• _REQUIRED WORK_: Write out each line of the listing as it stands, without the images.

══════════════════════════════

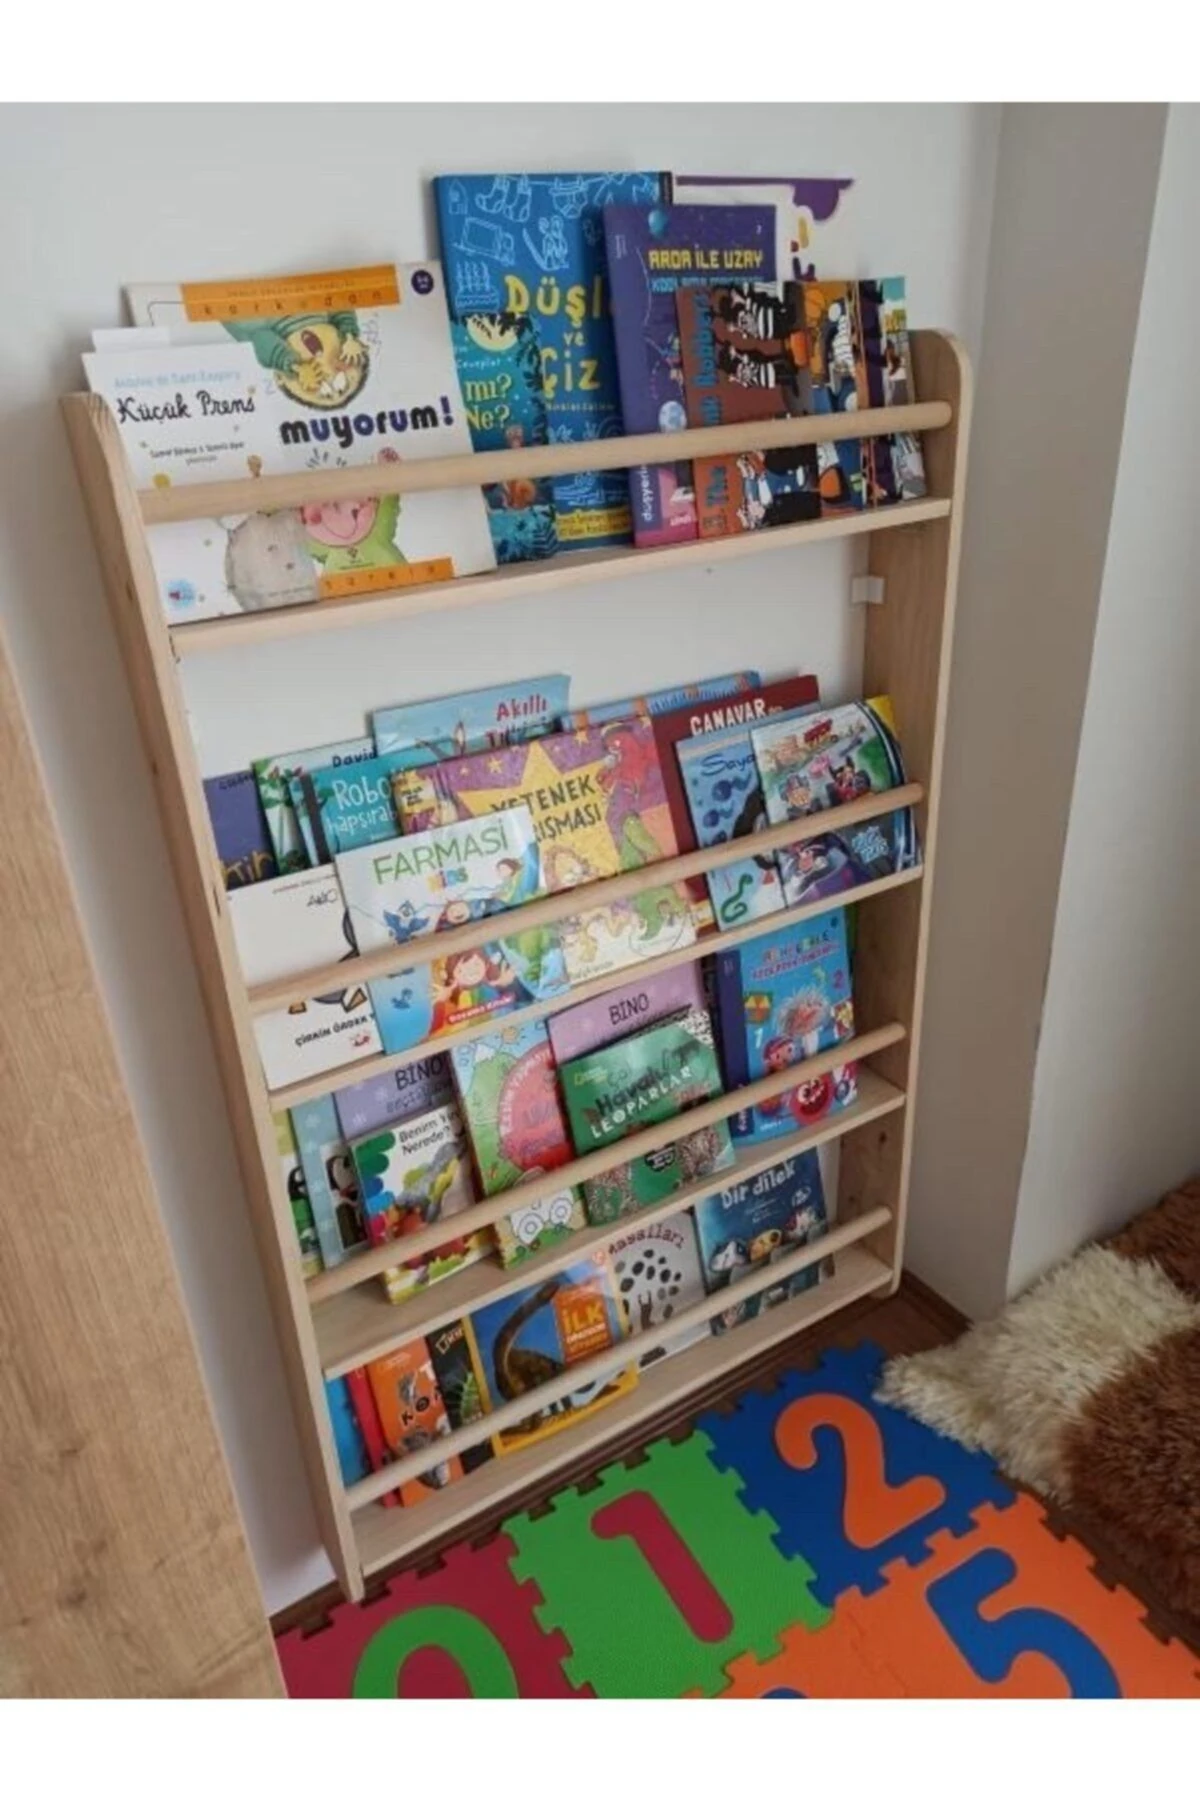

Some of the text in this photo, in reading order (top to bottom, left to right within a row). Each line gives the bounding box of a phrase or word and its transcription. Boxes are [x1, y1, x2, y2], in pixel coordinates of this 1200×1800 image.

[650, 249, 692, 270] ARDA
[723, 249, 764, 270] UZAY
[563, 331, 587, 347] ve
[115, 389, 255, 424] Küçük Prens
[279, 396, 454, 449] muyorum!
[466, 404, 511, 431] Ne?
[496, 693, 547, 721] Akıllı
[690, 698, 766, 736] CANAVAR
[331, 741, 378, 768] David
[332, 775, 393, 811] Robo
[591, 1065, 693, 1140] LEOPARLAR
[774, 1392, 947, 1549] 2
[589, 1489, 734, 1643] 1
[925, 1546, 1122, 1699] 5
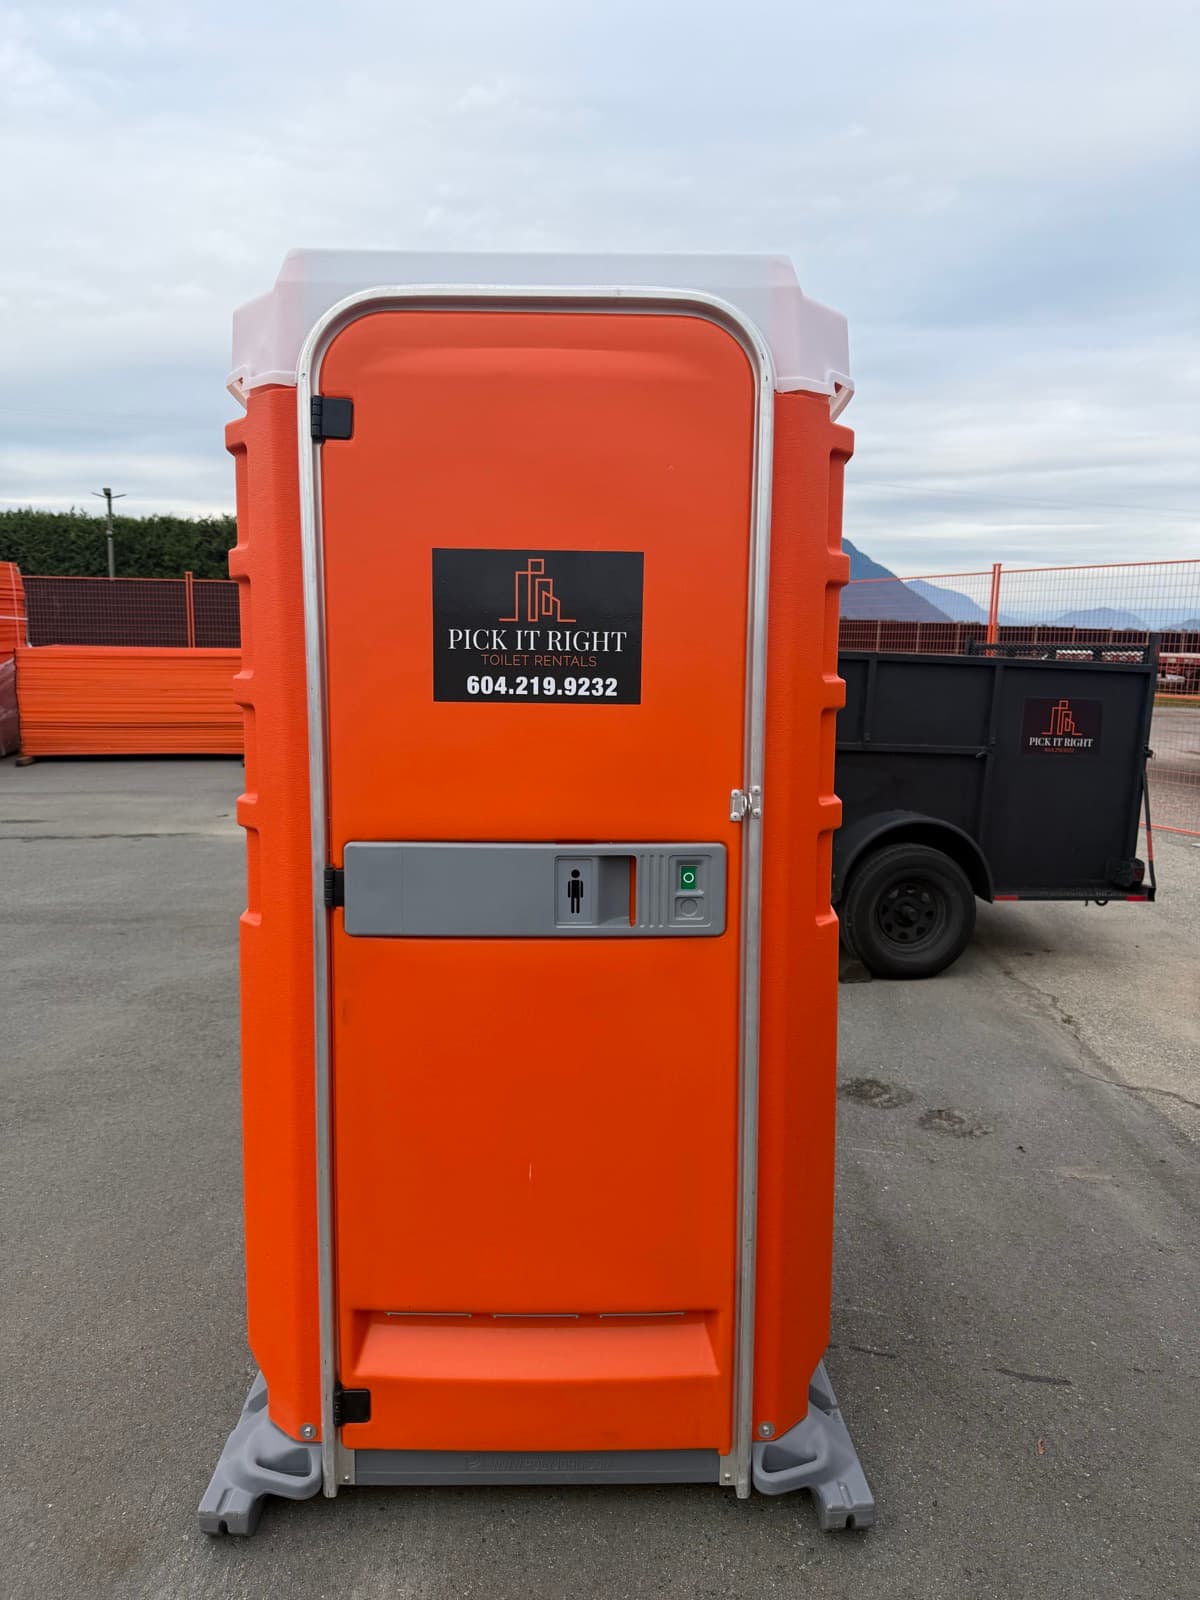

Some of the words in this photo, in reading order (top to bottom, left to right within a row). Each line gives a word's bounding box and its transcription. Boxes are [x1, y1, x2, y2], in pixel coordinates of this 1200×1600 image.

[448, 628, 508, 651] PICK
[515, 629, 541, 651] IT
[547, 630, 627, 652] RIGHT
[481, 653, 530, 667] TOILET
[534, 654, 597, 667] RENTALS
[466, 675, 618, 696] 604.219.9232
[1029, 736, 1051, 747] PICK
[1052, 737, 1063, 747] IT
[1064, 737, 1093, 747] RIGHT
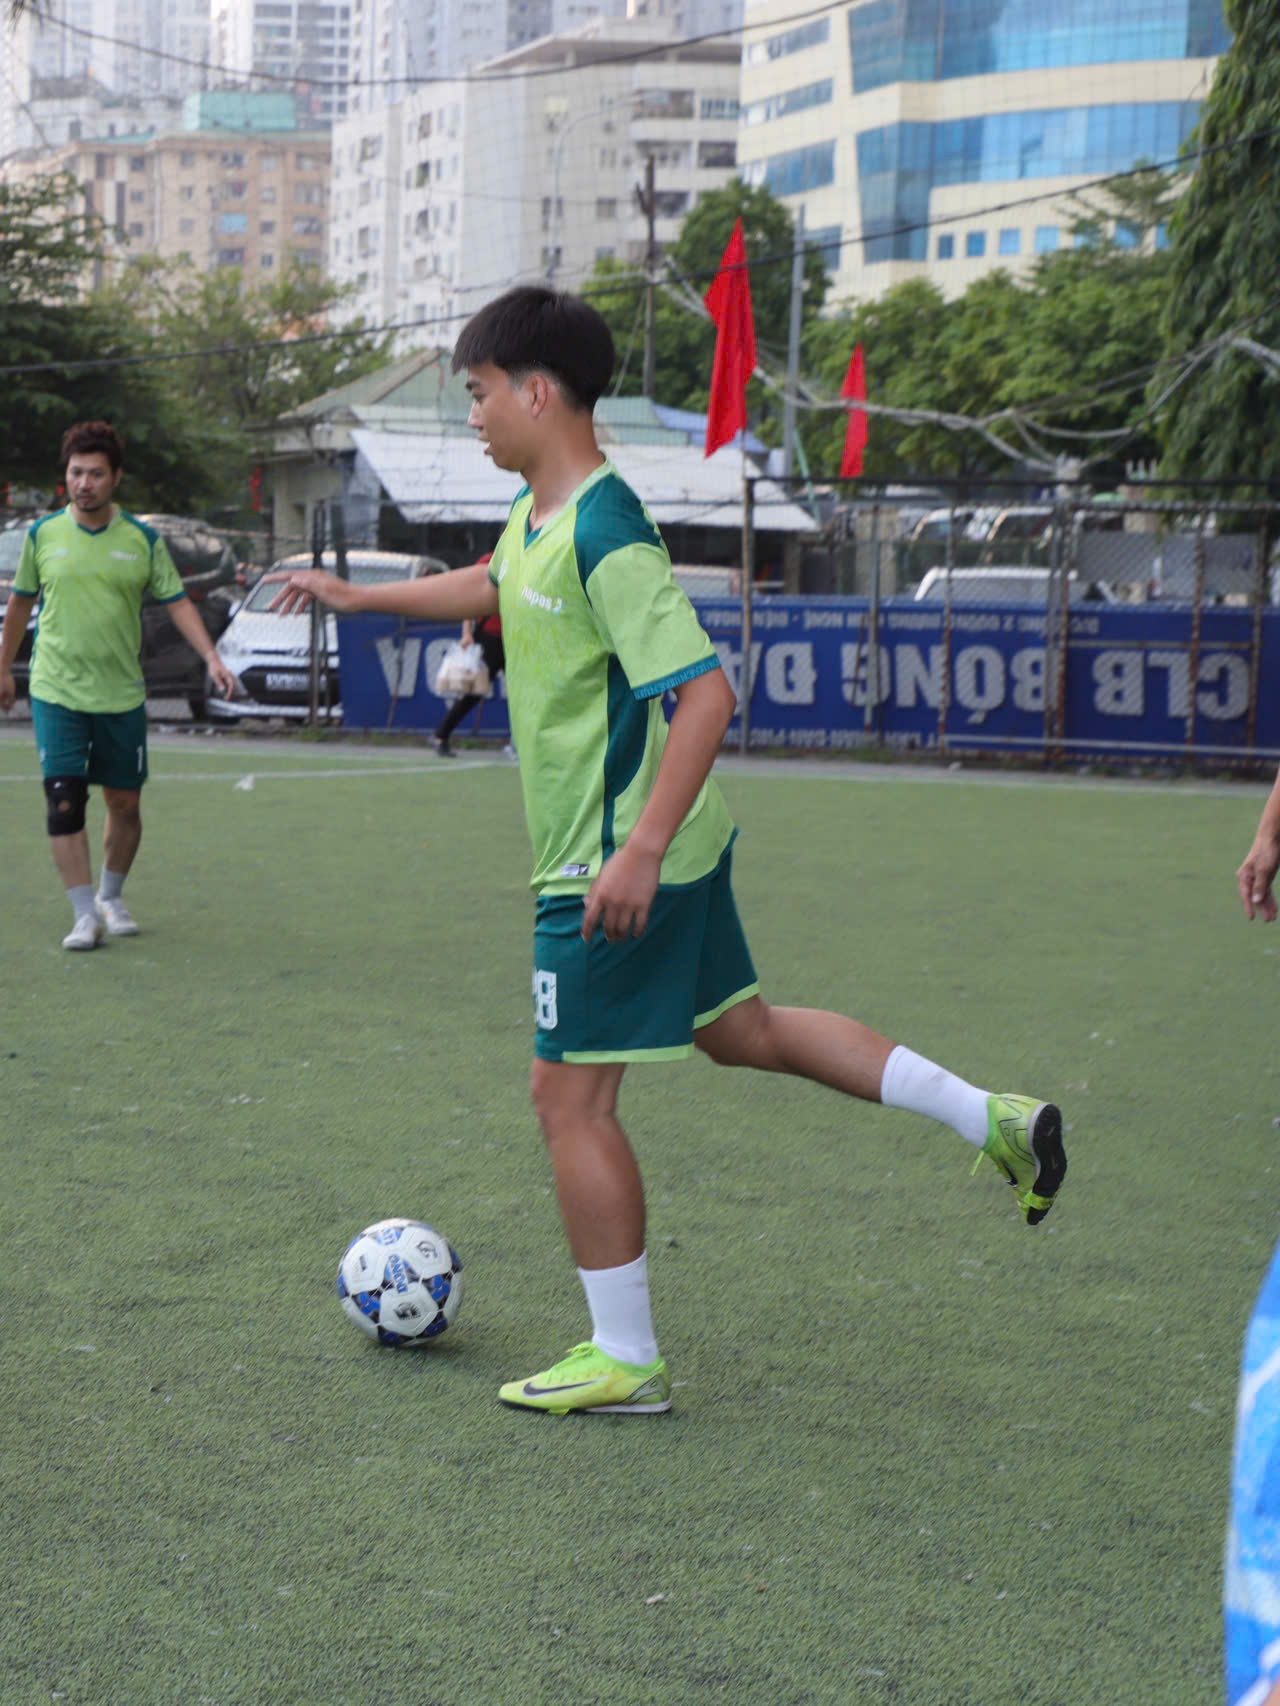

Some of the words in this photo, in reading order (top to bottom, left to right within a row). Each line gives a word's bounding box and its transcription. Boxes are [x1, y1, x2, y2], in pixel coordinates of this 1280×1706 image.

══════════════════════════════

• _FINISHED EXERCISE_:
Some of the text in this photo, in reading order (top to bottom, left to right within a row). Each line gives the bounding box of a phrase or word and its transcription. Boxes are [x1, y1, x2, y2], in pixel coordinates of this 1200×1800 image.

[650, 249, 692, 270] ARDA
[723, 249, 764, 270] UZAY
[563, 331, 587, 347] ve
[115, 389, 255, 424] Küçük Prens
[279, 396, 454, 449] muyorum!
[466, 404, 511, 431] Ne?
[496, 693, 547, 721] Akıllı
[690, 698, 766, 736] CANAVAR
[331, 741, 378, 768] David
[332, 775, 393, 811] Robo
[591, 1065, 693, 1140] LEOPARLAR
[774, 1392, 947, 1549] 2
[589, 1489, 734, 1643] 1
[925, 1546, 1122, 1699] 5

Some of the words in this photo, in reading order (top to bottom, left to right within a row). Each line gives a word's bounding box and its transcription. Boxes are [x1, y1, x2, y2], in pixel coordinates of this 1200×1600 image.

[448, 628, 508, 651] PICK
[515, 629, 541, 651] IT
[547, 630, 627, 652] RIGHT
[481, 653, 530, 667] TOILET
[534, 654, 597, 667] RENTALS
[466, 675, 618, 696] 604.219.9232
[1029, 736, 1051, 747] PICK
[1052, 737, 1063, 747] IT
[1064, 737, 1093, 747] RIGHT

Some of the words in this photo, in reading order (top to bottom, left to right within a row). Each line gives a word's bounding box and its transcription. Boxes are [x1, y1, x2, y2], in pixel coordinates of this 1280×1706 image.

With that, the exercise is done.